Among the drivers without announced rides for next season are Brad Keselowski, Erik Jones, Clint Bowyer, Matt DiBenedetto and Kyle Larson, who remains indefinitely suspended by NASCAR for uttering a racial slur during an online race in April.

Stewart-Haas is a wonderful organization,” Bowyer said this week. “I want to be there. I want to retire there, and I love the opportunity and the people behind it.”

Said Jones, who is battling for a playoff spott, this week: “I’ve had a really good relationship with (Joe Gibbs Racing) for quite a few years now. I put probably the most pressure on myself. I wouldn’t say JGR ever comes to me and asks questions or questions why you’re in this spot. They see the same things we do and the same things we struggle each weekend and why we’re in this spot. People aren’t blind to that.”

4. Will Ryan Blaney’s luck change?

He led 150 laps last weekend at Texas, won the first two stages but didn’t win the race when a caution came out at the wrong time. He finished seventh. He ranks third in laps led this season but has one Cup win. He could have a few more wins. Instead, those are playoff points lost. Will that hurt him later in the year?

5. Who is next to surprise?

Rookie Cole Custer scored a stunning win at Kentucky. Austin Dillon followed it up last weekend at Texas with the help of some decision-making at RCR’s command center. Both were outside a playoff spot before they won. Now they are in the playoffs.
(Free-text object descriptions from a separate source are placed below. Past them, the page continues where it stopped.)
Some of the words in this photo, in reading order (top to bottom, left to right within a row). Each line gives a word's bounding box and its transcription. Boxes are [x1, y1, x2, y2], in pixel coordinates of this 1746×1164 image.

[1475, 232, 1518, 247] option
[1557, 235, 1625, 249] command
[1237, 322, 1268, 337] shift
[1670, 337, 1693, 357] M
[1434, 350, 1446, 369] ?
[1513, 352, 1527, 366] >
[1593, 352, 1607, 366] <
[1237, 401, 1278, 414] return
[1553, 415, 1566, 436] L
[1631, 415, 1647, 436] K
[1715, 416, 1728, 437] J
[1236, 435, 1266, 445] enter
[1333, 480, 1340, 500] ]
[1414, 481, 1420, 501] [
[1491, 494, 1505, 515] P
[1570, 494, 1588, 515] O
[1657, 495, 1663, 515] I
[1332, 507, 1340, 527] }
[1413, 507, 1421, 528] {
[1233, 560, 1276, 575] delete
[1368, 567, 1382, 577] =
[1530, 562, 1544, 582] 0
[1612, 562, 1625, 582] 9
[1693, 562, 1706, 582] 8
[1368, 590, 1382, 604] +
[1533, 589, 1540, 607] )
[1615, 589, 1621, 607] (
This marks the first time since 2017 that a driver outside a playoff spot won a race.

In 2014 and 2016, a record three drivers outside a playoff spot won a Cup race. Could there be a third such winner this year? Among those outside a playoff spot entering tonight’s race at Kansas Speedway are William Byron, Tyler Reddick, Erik Jones, Bubba Wallace and Chris Buescher.
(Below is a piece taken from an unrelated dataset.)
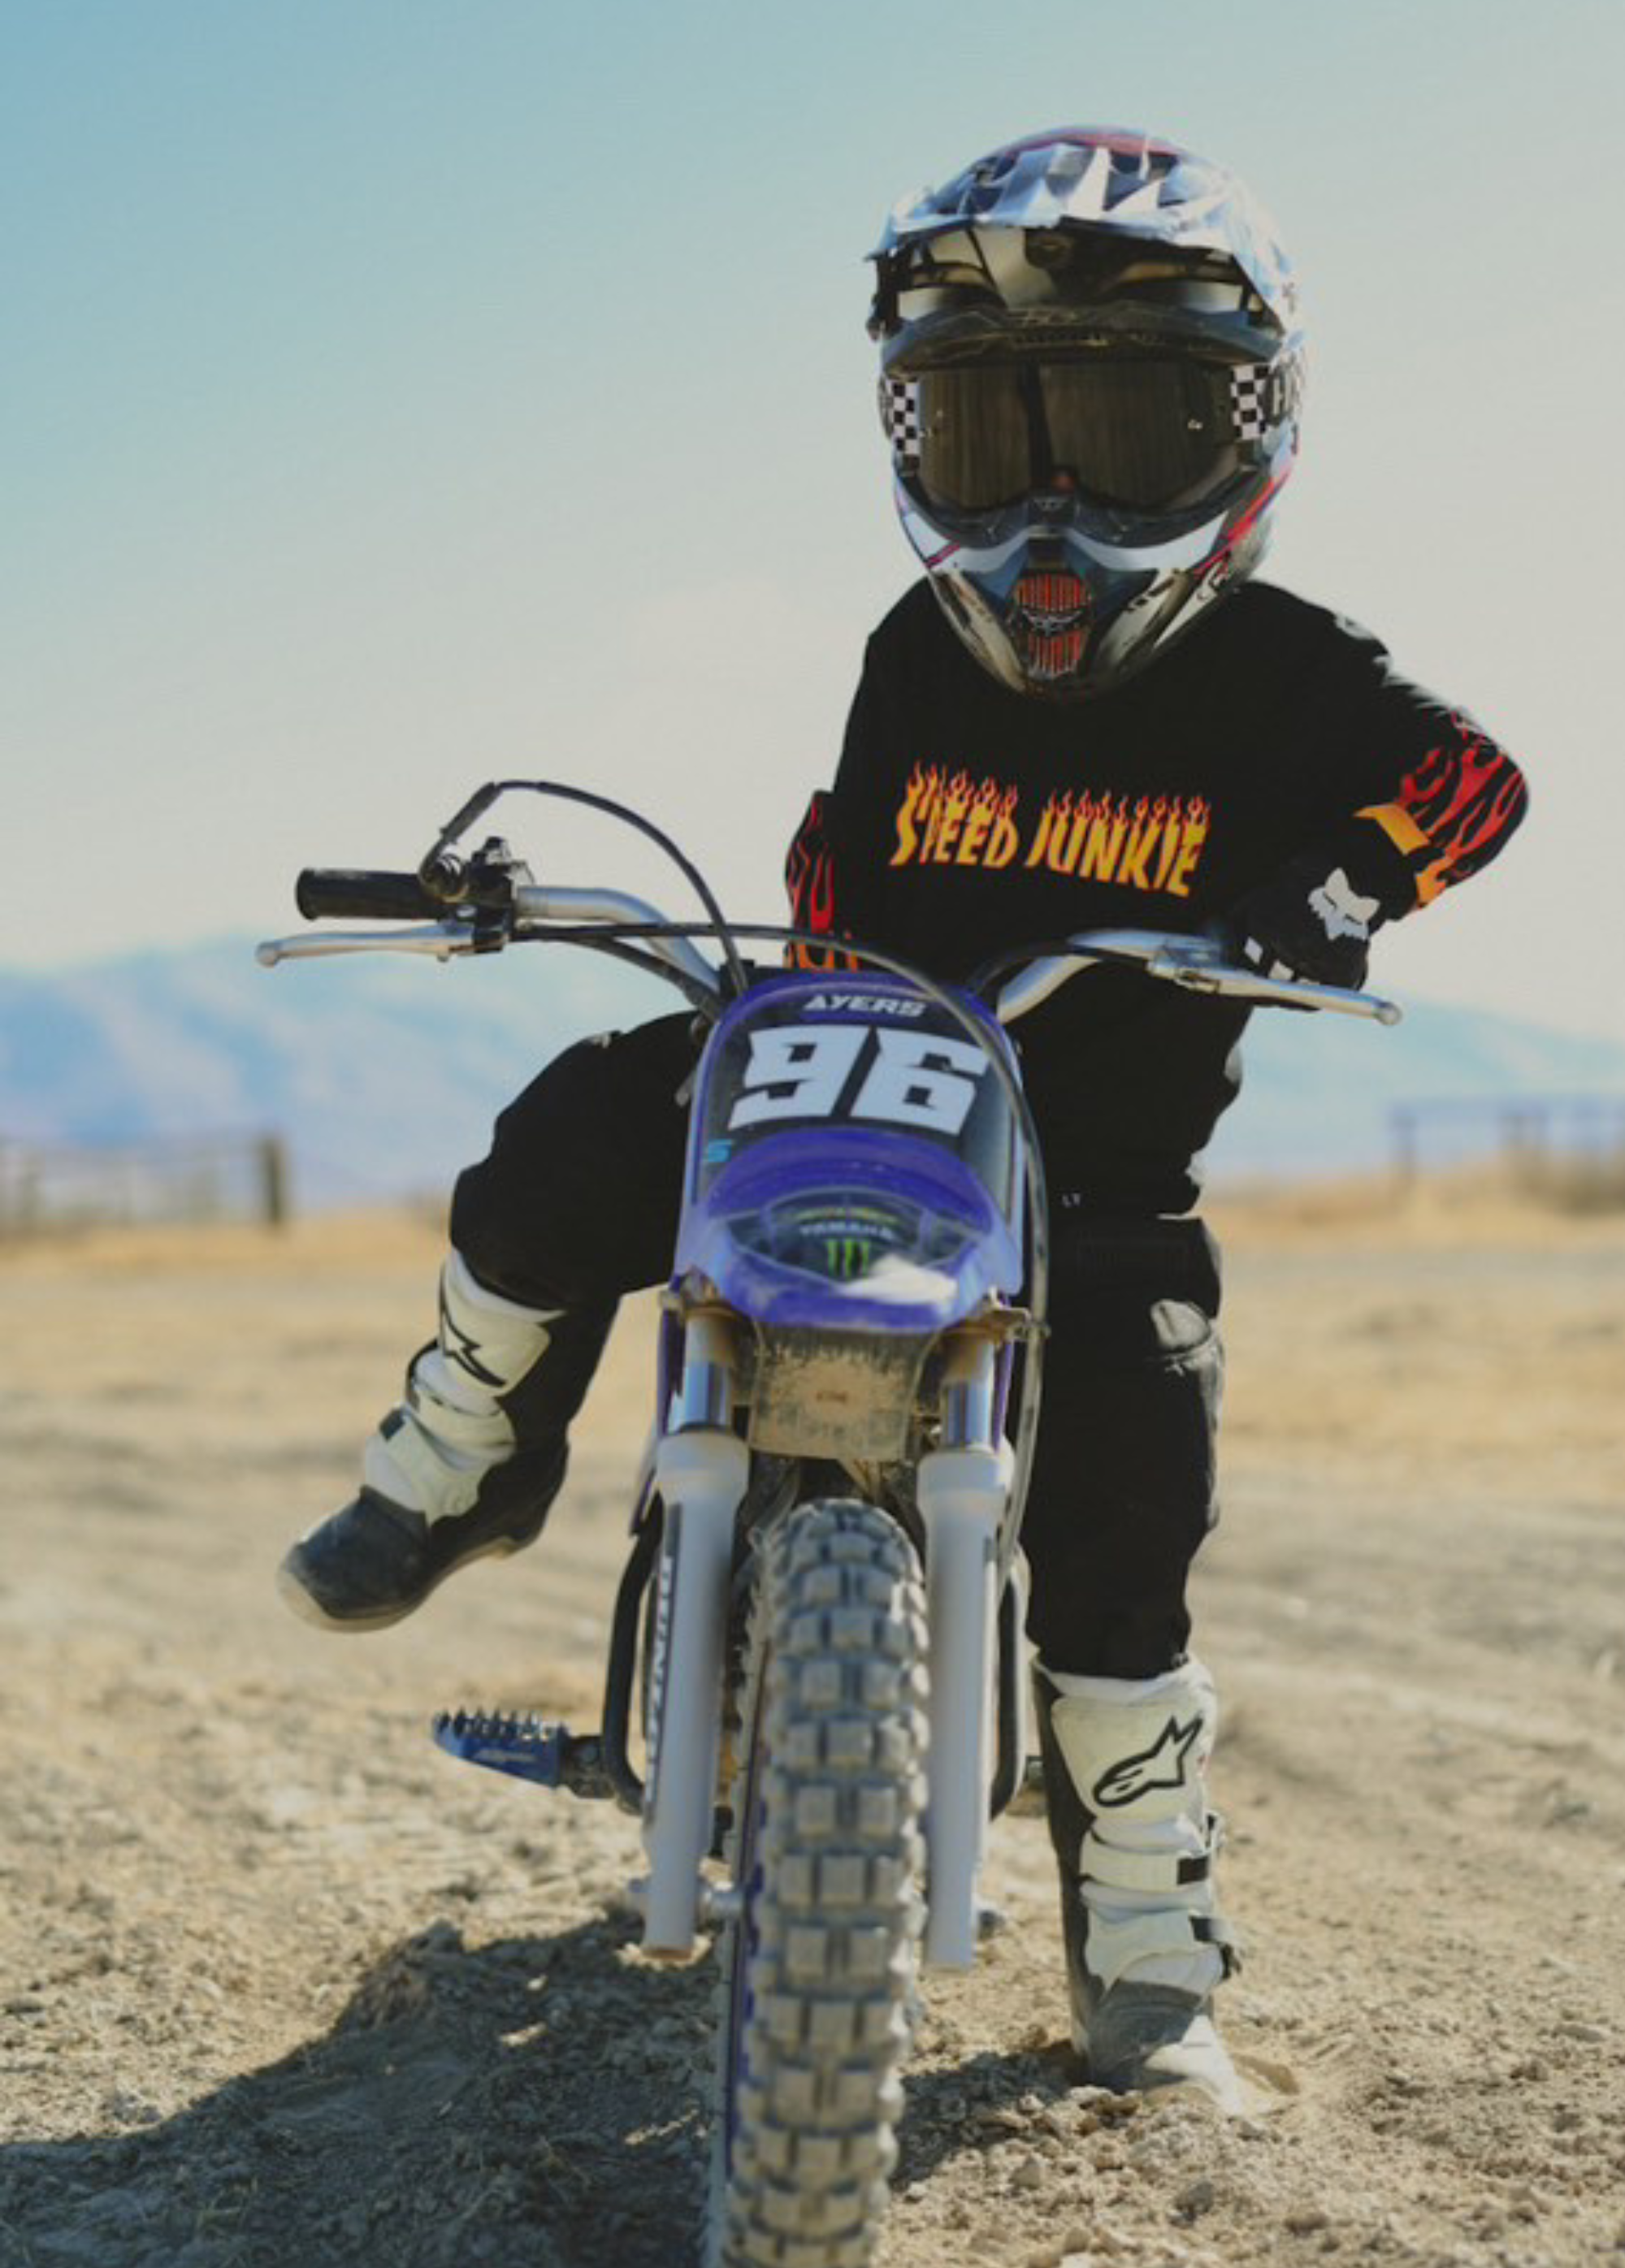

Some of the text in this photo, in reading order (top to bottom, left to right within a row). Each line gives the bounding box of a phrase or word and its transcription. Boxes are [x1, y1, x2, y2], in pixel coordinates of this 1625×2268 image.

6. Will Kyle Busch make it to the championship race a sixth year in a row?

One of the most intriguing elements this season has been Kyle Busch failing to win in the first half of the Cup season. He hasn’t even won a stage. He has no playoff points. He had the most playoffs points at the halfway mark of the season each of the past two years.

Busch has talked about the struggles at Joe Gibbs Racing this season and how the lack of practice has made it more difficult to fix the issues. With NASCAR announcing this week that it will go the rest of the season without practice and qualifying, Busch’s task has become more difficult.

7. What drivers in last year’s playoff could miss it this year?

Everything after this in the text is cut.